Though many industries today no longer require guys to “dress up”, business dress still remains a considerable part of workplace etiquette, especially in fields like finance and law.
For cultural and economic reasons, some people look at formal business dress (or business formal as it’s also known) with a mixture of disdain and resentment. They might associate the suit with elitists and corrupt capitalists but this wasn’t always the case. The suit, was at one time a symbol of liberal fraternity, something that rejected the monarchy and embraced democratic ideals. Edwardian men who wore suits instead of sumptuous aristocratic garments sent out a clear message to society: that they were no different from everyone else. (And it’s a legacy that’s continues today with increasingly casual office dress codes.)
Still, contemporary business dress takes inspiration from the very aristocratic ideas of occassionality and appropriateness. Whether or not these things should matter, the fact of the matter is that they do. I personally wouldn’t trust a lawyer dressed in a hoodie and jeans and I’m sure most people wouldn’t either. The way we dress speaks volumes about the way we view ourselves, and what we think of others – both in and outside of the office.

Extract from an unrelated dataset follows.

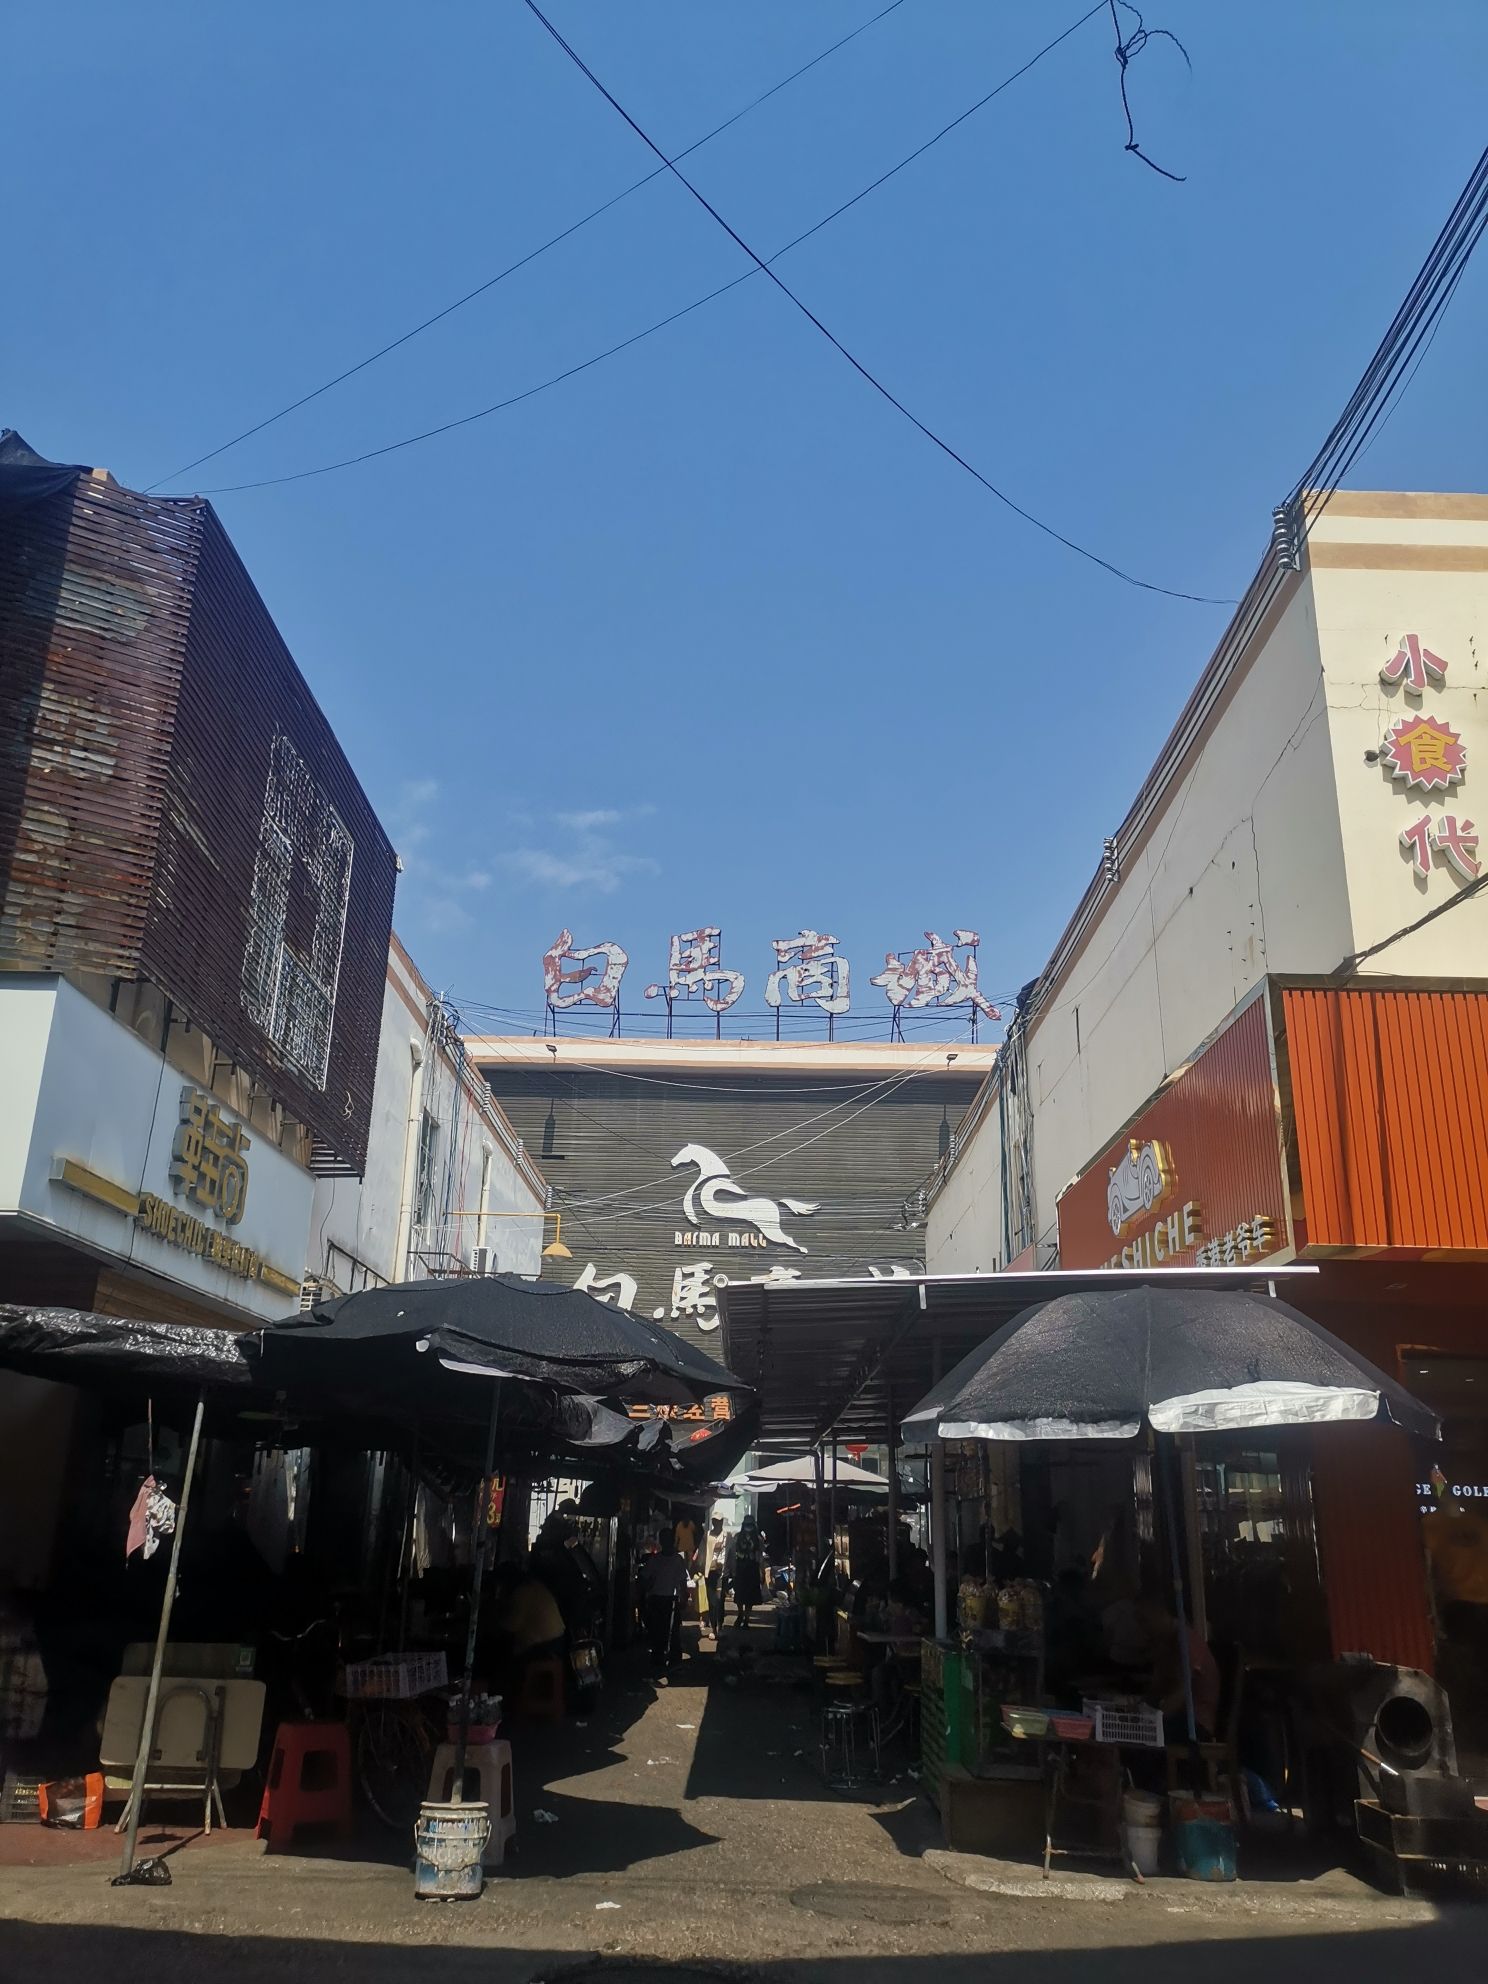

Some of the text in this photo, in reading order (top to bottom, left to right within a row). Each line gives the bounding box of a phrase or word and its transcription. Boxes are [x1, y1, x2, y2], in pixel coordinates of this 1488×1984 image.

[1381, 633, 1482, 880] 小食代
[728, 1231, 767, 1247] MALL
[1101, 1201, 1200, 1268] SHICHE

In principle, business dress ought to express the following ideal: that everyone should be judged on the content of their character, not on the size of their inheritance. Uniformity in business dress means to make people sartorial equals so that they can compete more fairly in other areas. Even in less formal fields like IT and marketing, people still expect you to wear a t-shirt or casual button up and jeans. Anyone who wears a suit risks being labelled an elitist (or worse, a stiff). Dress codes still exist even if nobody articulates them.

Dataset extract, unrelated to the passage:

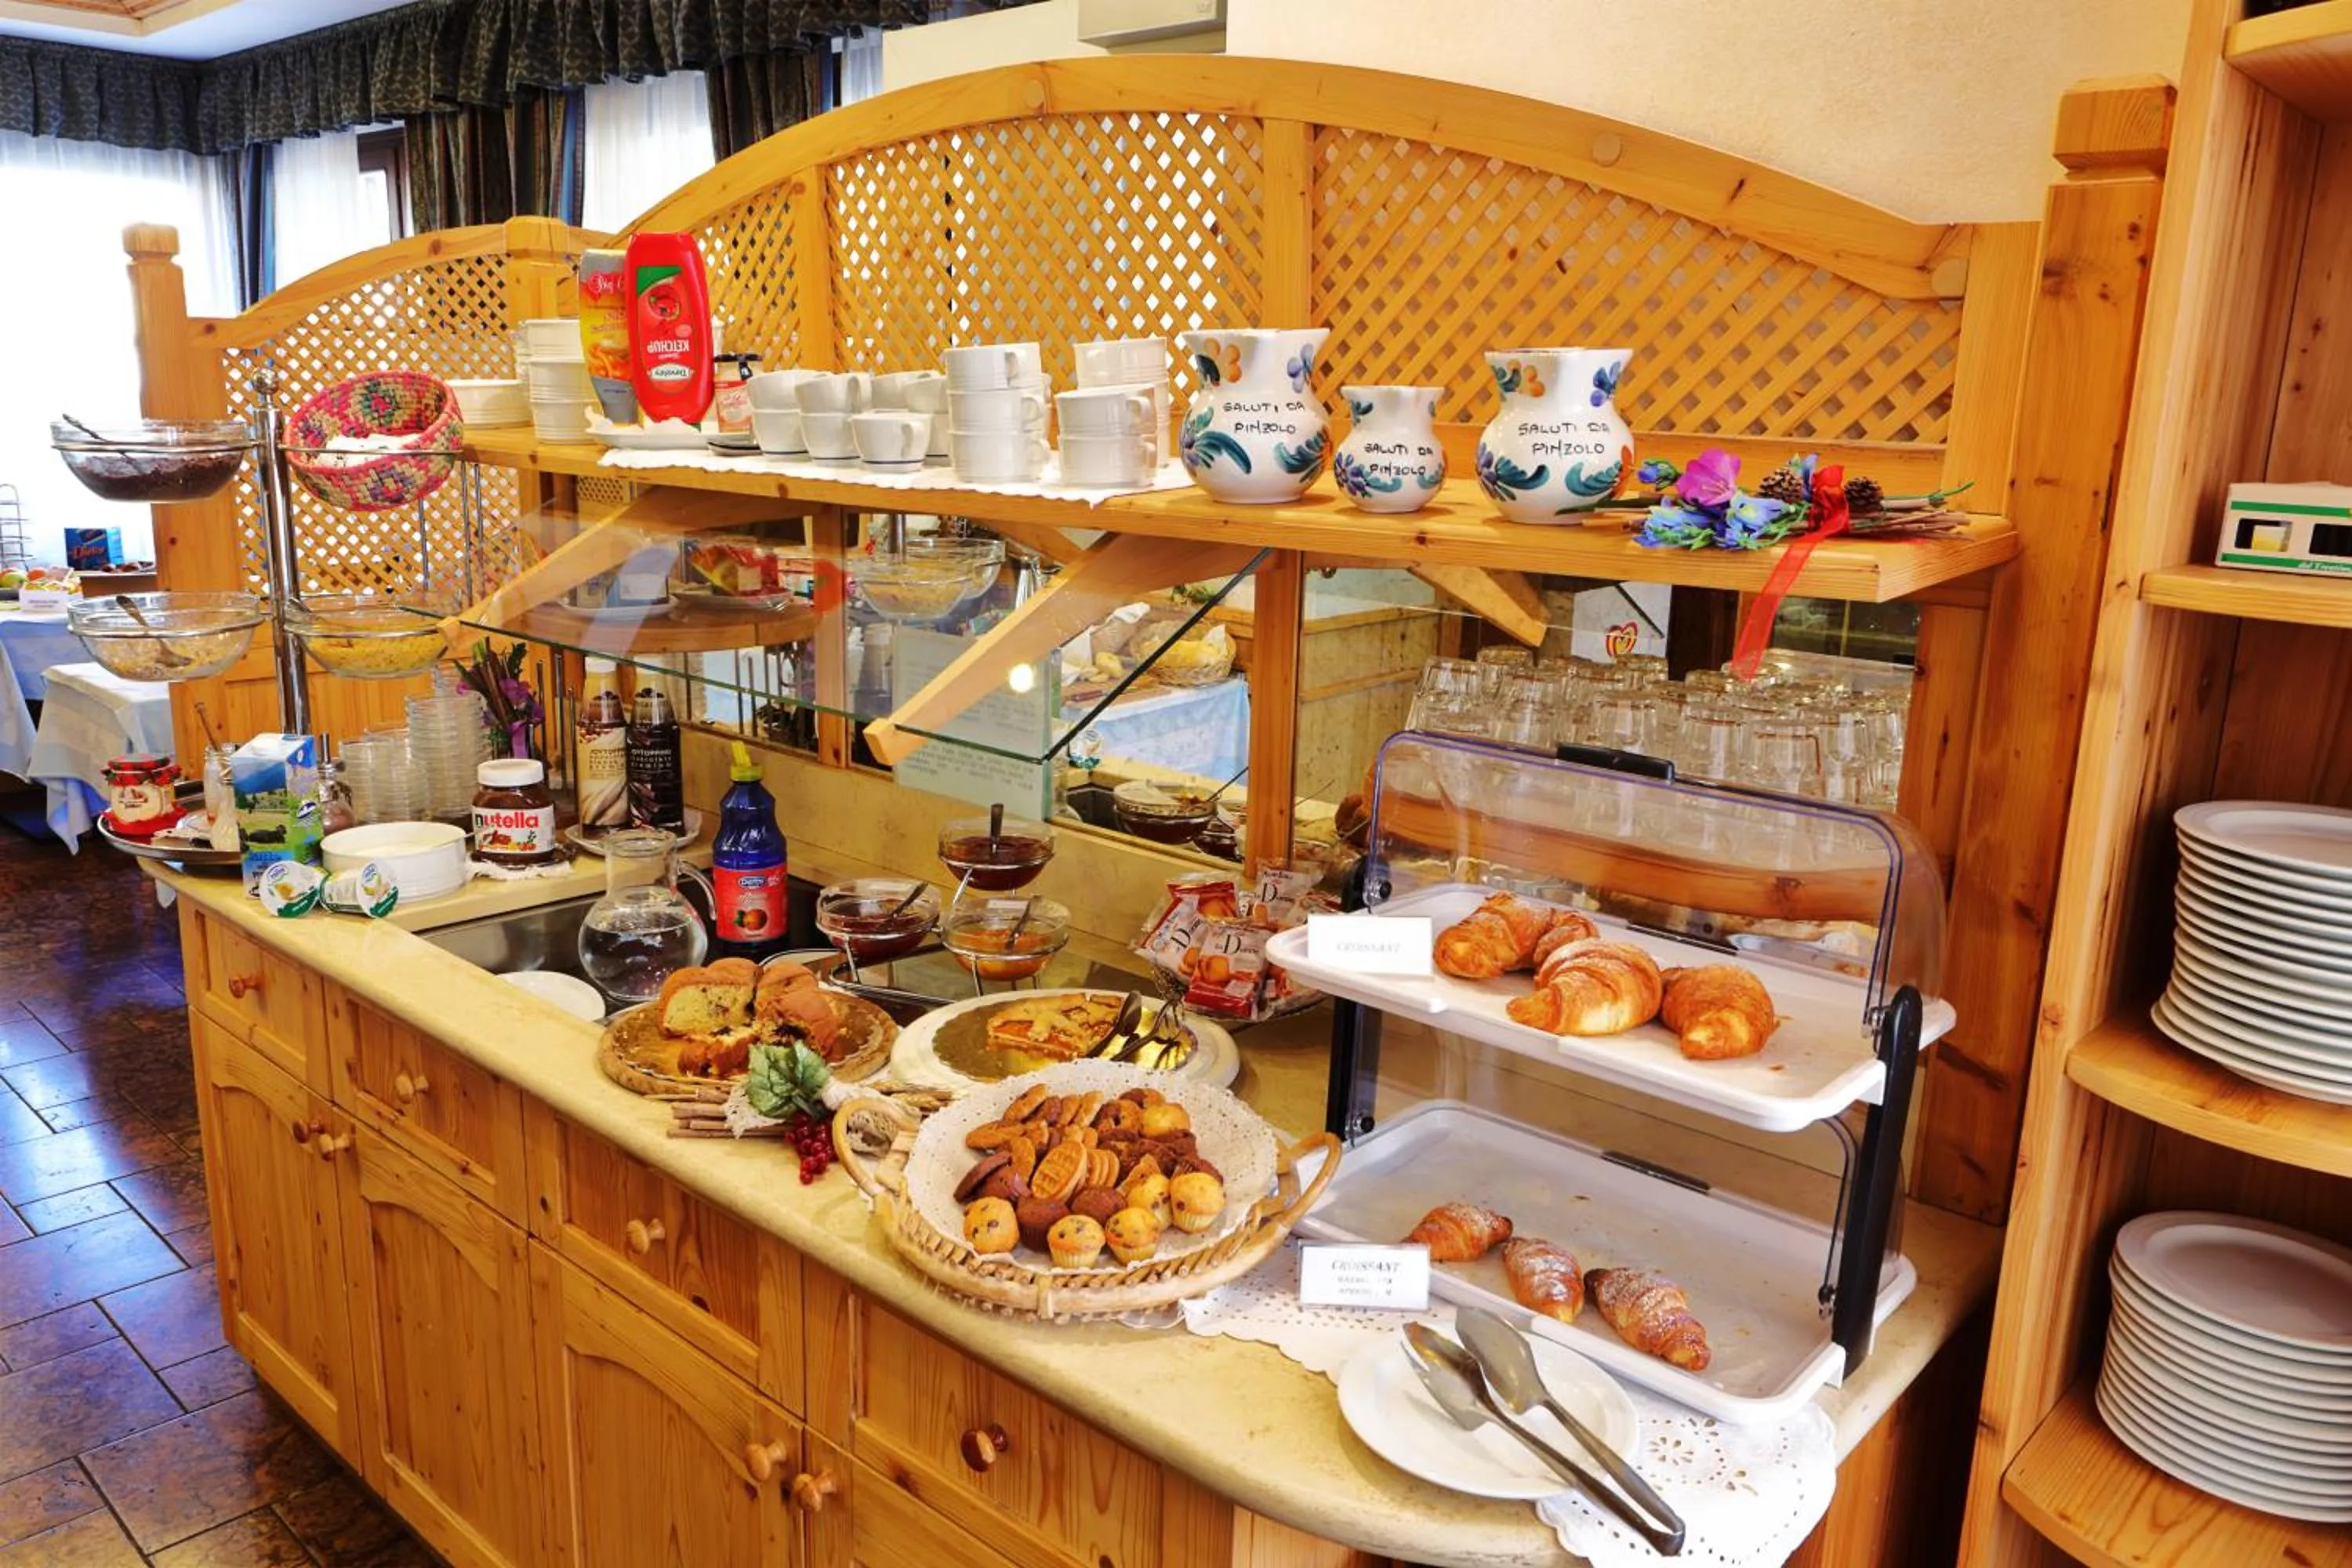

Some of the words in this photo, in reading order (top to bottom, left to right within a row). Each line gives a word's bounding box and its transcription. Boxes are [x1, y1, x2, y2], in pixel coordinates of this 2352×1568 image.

Business is not just an economic activity. At it’s core it is fundamentally a social one. We exchange good and services with people first, institutions second. This raises a whole host of motivations for dressing appropriately but I think the most important one is this: to show that we respect ourselves and more importantly that we respect the people we work with. And so if you are expected to wear a suit and tie you might as well learn to do it properly.